Dans certains milieux nationalistes, on fait souvent l’éloge de la nation en lui attribuant un pouvoir transcendant, susceptible d’unifier une société au-delà de toutes les disparités qui la divisent. Il suffirait pourtant, pour justifier sa pertinence, de rappeler que la nation peut être un terreau permettant le respect des droits humains et démocratiques. Mais on préfère s’en revendiquer de manière à occulter des éléments constitutifs de nos démocraties – dont les inégalités, la diversité et les rapports dominants-dominés. Le vertige des mots et de l’imaginaire national l’emporte sur la vérité d’une société insensible à la détresse des pauvres et aveugle au délabrement de certaines de ses institutions – que la crise actuelle a révélé dans toute son acuité.
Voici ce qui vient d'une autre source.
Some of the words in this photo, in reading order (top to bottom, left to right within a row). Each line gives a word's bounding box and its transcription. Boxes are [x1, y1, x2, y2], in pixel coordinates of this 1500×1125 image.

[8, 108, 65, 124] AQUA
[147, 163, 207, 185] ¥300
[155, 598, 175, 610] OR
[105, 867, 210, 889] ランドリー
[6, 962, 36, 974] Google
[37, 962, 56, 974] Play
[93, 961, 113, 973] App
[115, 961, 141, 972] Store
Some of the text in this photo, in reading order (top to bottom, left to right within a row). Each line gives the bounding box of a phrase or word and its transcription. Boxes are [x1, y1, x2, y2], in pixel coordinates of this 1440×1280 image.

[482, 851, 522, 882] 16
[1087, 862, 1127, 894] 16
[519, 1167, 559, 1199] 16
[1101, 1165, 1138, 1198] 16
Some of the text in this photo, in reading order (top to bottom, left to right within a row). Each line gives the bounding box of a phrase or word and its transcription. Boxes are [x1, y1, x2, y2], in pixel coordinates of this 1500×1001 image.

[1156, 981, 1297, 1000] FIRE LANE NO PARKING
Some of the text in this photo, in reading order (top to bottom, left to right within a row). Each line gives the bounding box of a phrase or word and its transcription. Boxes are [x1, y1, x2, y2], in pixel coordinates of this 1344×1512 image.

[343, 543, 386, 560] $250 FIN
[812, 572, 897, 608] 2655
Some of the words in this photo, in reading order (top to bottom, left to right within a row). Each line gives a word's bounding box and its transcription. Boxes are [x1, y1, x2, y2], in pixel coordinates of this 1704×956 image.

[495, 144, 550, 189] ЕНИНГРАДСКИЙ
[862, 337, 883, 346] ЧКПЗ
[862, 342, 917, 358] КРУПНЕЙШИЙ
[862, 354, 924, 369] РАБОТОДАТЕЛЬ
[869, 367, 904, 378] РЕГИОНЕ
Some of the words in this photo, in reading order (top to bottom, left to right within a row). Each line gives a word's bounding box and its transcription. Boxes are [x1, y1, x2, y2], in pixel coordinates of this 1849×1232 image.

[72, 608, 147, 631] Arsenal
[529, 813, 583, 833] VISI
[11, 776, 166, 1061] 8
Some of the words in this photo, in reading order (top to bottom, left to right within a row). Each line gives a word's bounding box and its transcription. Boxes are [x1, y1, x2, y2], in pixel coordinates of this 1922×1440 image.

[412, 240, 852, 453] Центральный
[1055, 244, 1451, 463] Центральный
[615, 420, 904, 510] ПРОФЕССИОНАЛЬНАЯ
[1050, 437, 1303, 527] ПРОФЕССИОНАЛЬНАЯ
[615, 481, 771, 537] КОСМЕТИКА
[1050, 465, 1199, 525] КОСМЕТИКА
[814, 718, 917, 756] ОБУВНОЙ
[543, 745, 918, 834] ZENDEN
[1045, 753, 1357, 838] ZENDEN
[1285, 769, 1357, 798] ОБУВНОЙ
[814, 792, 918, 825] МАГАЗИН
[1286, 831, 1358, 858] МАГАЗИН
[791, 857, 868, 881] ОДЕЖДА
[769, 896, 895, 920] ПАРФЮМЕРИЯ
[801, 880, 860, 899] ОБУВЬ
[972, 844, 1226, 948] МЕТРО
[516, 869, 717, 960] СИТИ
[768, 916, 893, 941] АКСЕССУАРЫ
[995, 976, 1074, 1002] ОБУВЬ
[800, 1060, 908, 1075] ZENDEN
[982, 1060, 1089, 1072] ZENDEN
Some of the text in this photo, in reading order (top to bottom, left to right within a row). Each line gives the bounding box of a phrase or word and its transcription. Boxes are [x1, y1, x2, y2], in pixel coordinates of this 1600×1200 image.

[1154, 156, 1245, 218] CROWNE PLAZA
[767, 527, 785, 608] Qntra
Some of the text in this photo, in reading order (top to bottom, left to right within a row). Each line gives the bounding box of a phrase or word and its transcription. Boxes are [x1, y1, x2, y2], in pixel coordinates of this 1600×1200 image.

De même, depuis une vingtaine d’années, d’autres nationalistes (parmi lesquels des universitaires et des professionnels de la parole publique), se réclamant du courant conservateur, se sont donné comme mission de faire de l’identité leur principal cheval de bataille au détriment de la question sociale. Obnubilés par cette question identitaire (dont le premier ministre Legault a fait son crédo) et insensibles à la souffrance résultant des disparités économiques, ils ont réussi à imposer une vision frileuse et hors-sol de la société. En occultant l’origine sociale de la souffrance, ils neutralisent le ferment indispensable à une action politique menant à une plus grande justice sociale.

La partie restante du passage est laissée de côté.